Saturday, July 27, 2002

i'm feeling jittery, alive, wired. an altered state perhaps, or maybe just experiencing some arterial wonder from this evening's indulgences.

i should confess that we went to burdick's tonight (after seeing an intimate performance of 'the blue room' at the loeb ex). greg (who amazingly agreed to come with me to the play about a half-hour's notice beforehand) and i indulged in sumptuous, rich mochas and a decadent chocolate tasting plate with four gems that we hand-selected: trinidad, pistache, honey caramel truffle (with lemon pepper), and brazilia. each soft bite was heavenly. you know how they say that chocolate is an absolute aphrodisiac... :) anyway, that's why i think i'm in a quasi-euphoria at the moment. so much yummy chocolate in my tummy puts me in quite a state.

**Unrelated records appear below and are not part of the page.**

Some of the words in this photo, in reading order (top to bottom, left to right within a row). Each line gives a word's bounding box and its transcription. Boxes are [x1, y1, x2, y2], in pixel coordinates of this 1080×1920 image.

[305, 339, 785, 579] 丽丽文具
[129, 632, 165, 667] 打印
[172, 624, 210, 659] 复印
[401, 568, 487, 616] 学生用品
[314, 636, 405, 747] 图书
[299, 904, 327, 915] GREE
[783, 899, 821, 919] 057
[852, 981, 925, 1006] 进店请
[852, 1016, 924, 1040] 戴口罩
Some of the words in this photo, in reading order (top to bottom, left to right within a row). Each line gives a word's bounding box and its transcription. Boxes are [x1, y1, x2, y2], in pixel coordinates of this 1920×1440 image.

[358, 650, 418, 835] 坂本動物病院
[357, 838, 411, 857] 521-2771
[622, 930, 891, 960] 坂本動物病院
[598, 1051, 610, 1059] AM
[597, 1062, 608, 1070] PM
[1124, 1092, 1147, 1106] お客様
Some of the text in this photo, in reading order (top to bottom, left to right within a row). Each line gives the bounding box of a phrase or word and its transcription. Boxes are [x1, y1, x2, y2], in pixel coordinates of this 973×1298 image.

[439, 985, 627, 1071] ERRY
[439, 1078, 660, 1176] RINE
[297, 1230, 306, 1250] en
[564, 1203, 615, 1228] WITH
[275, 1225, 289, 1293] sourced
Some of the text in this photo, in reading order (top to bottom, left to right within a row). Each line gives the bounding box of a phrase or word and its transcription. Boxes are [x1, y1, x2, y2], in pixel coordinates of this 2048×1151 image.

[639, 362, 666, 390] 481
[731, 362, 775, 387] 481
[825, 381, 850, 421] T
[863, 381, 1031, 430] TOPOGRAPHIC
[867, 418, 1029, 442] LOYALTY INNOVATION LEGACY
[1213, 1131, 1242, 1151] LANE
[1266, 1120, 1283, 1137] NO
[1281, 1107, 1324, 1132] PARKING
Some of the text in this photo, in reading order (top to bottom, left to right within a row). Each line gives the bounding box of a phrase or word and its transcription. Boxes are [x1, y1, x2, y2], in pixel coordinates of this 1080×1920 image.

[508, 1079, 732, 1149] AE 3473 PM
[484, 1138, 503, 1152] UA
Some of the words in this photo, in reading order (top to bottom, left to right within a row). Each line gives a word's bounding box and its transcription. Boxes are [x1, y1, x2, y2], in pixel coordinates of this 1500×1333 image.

the strange sensations in my head also could well be my jet-lag hitting once again. since coming back from china on tuesday night (after 28 hours of various transports from hong kong baptist university to the frathouse--including a taxi, the airport express train, the flight that crossed over the arctic, a four-hour delay at newark because boston was in the middle of a blizzard [or something as severe as to shut down the airport completely], the flight to logan, and a taxi ride home), my sleep (and eating) schedule has been completely out of sync. after going to bed around 11pm on tuesday, i woke up the next day in a daze. looking out the window, i saw the sunshine was at half intensity, meaning it was either morning or evening. oh, dear. i crawled out and looked with disbelief at the clock: it was 7pm. i slept for 20 hours?! oh well, just enough time to do laundry and cook some frozen shrimp + pork + cabbage wontons.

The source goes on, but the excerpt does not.